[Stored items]

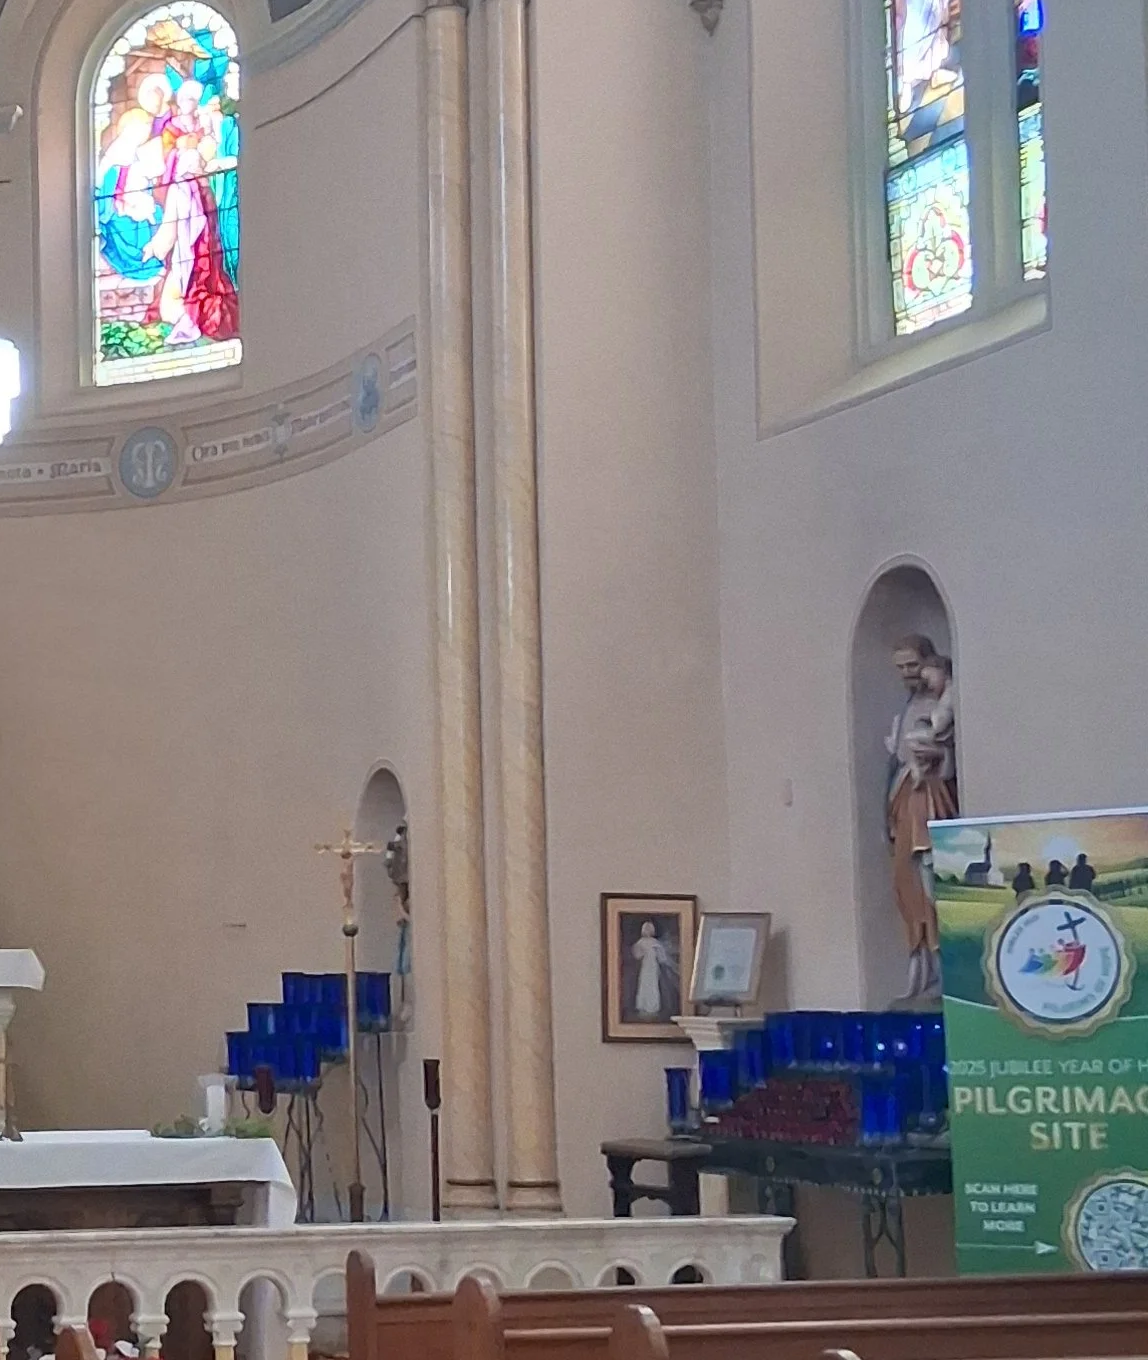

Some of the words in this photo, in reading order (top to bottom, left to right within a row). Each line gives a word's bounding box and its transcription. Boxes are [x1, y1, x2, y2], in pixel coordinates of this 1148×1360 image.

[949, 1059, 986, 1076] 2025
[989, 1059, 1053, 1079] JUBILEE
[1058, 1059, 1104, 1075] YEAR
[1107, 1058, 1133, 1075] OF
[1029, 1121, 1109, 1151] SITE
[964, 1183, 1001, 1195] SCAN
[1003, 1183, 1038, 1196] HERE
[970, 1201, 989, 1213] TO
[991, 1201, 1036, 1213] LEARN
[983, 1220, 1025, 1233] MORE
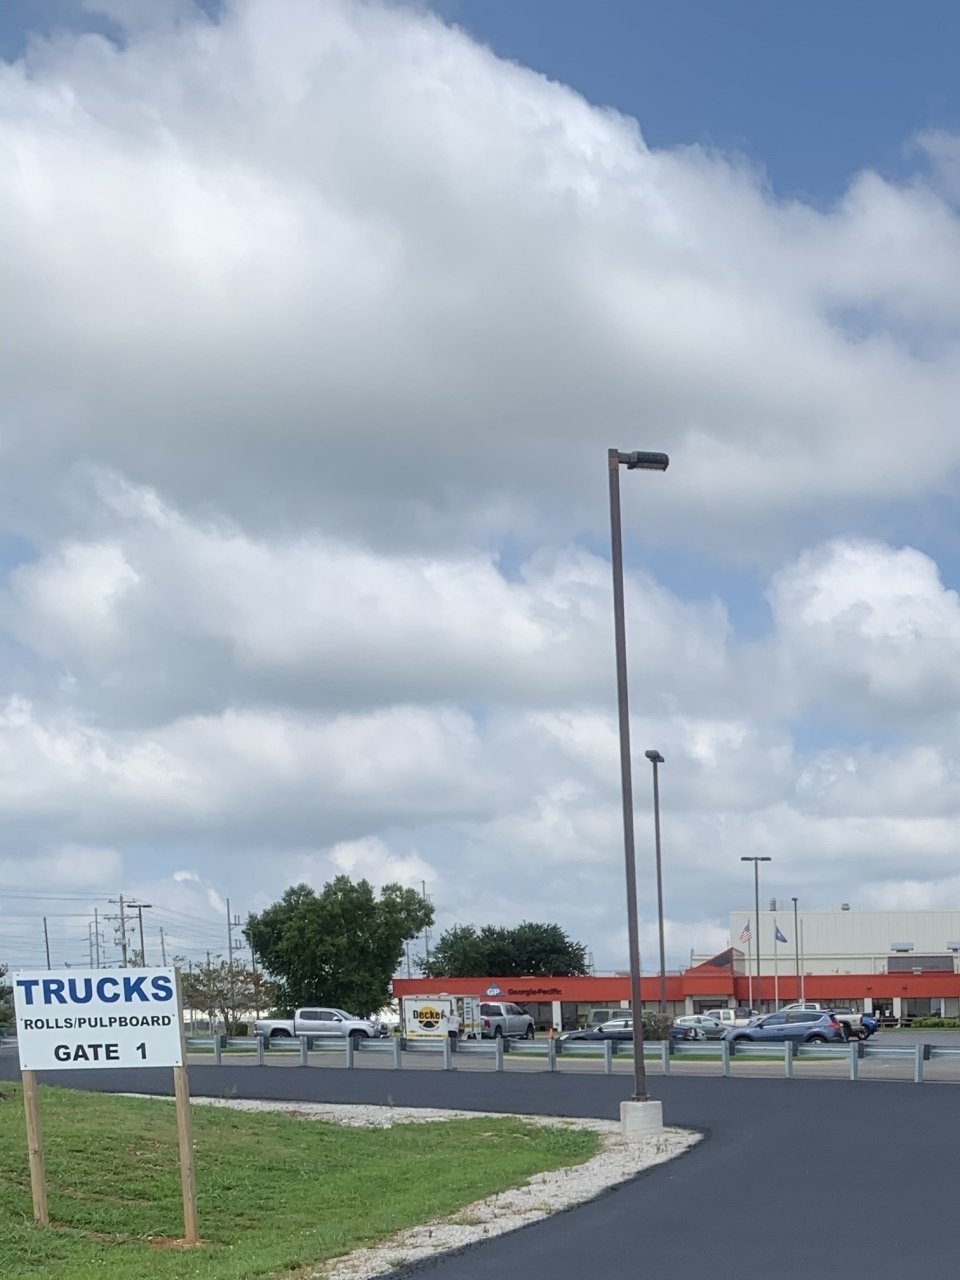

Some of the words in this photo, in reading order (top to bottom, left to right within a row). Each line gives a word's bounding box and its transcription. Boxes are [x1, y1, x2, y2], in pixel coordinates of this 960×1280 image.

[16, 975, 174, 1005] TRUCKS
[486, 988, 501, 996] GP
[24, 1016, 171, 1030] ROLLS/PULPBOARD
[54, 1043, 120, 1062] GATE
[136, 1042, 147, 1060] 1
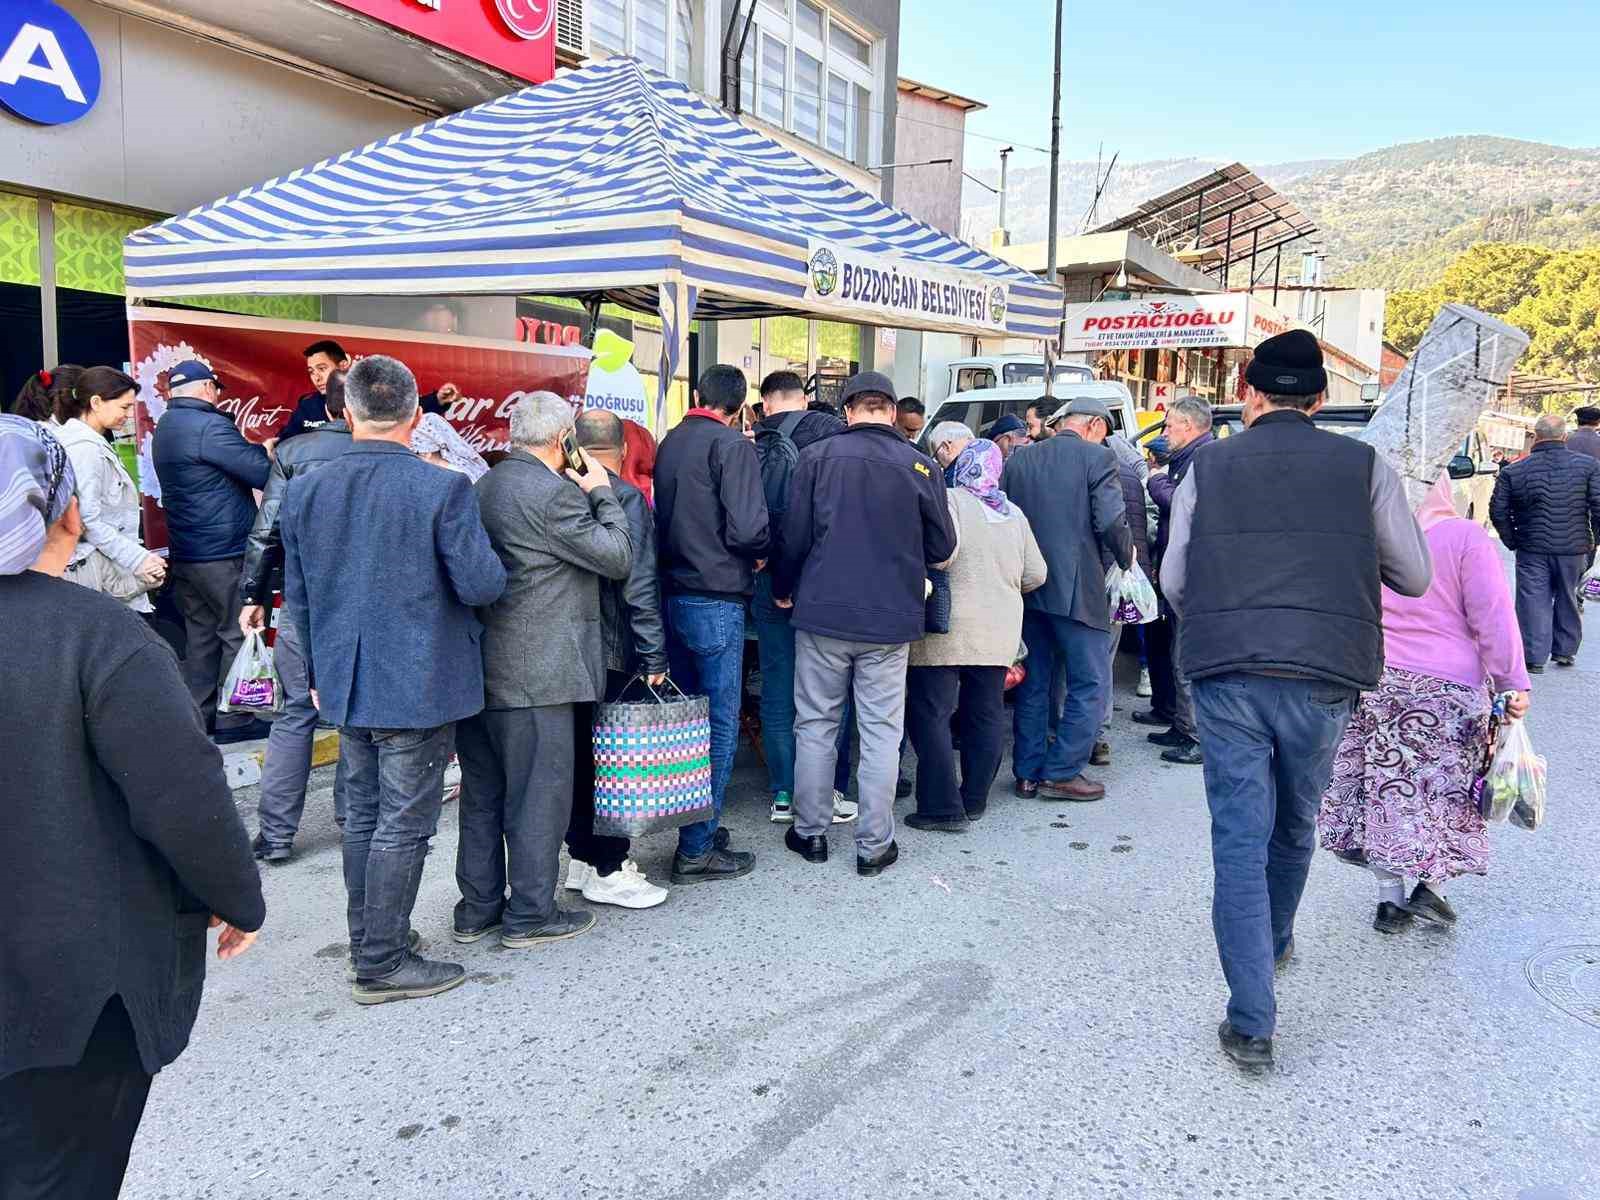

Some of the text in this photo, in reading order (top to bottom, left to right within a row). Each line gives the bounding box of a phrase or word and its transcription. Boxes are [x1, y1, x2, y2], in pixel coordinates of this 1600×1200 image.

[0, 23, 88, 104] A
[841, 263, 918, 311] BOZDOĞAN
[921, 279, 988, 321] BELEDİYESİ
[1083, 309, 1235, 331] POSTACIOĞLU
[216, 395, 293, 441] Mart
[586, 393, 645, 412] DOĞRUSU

Activity> Go through the data and return every word of it verbatim, leaving out the pictures.

Your solution>
Some of the words in this photo, in reading order (top to bottom, left to right within a row). Each line gives a word's bounding box and its transcription. Boxes are [x1, y1, x2, y2], in pixel coordinates of this 1148×1360 image.

[949, 1059, 986, 1076] 2025
[989, 1059, 1053, 1079] JUBILEE
[1058, 1059, 1104, 1075] YEAR
[1107, 1058, 1133, 1075] OF
[1029, 1121, 1109, 1151] SITE
[964, 1183, 1001, 1195] SCAN
[1003, 1183, 1038, 1196] HERE
[970, 1201, 989, 1213] TO
[991, 1201, 1036, 1213] LEARN
[983, 1220, 1025, 1233] MORE

Some of the words in this photo, in reading order (top to bottom, left to right within a row). Each line gives a word's bounding box and its transcription. Boxes are [x1, y1, x2, y2], in pixel coordinates of this 960×1280 image.

[16, 975, 174, 1005] TRUCKS
[486, 988, 501, 996] GP
[24, 1016, 171, 1030] ROLLS/PULPBOARD
[54, 1043, 120, 1062] GATE
[136, 1042, 147, 1060] 1

Some of the text in this photo, in reading order (top to bottom, left to right within a row). Each line gives the bounding box of a phrase or word and its transcription. Boxes are [x1, y1, x2, y2], in pixel coordinates of this 1600×1200 image.

[0, 23, 88, 104] A
[841, 263, 918, 311] BOZDOĞAN
[921, 279, 988, 321] BELEDİYESİ
[1083, 309, 1235, 331] POSTACIOĞLU
[216, 395, 293, 441] Mart
[586, 393, 645, 412] DOĞRUSU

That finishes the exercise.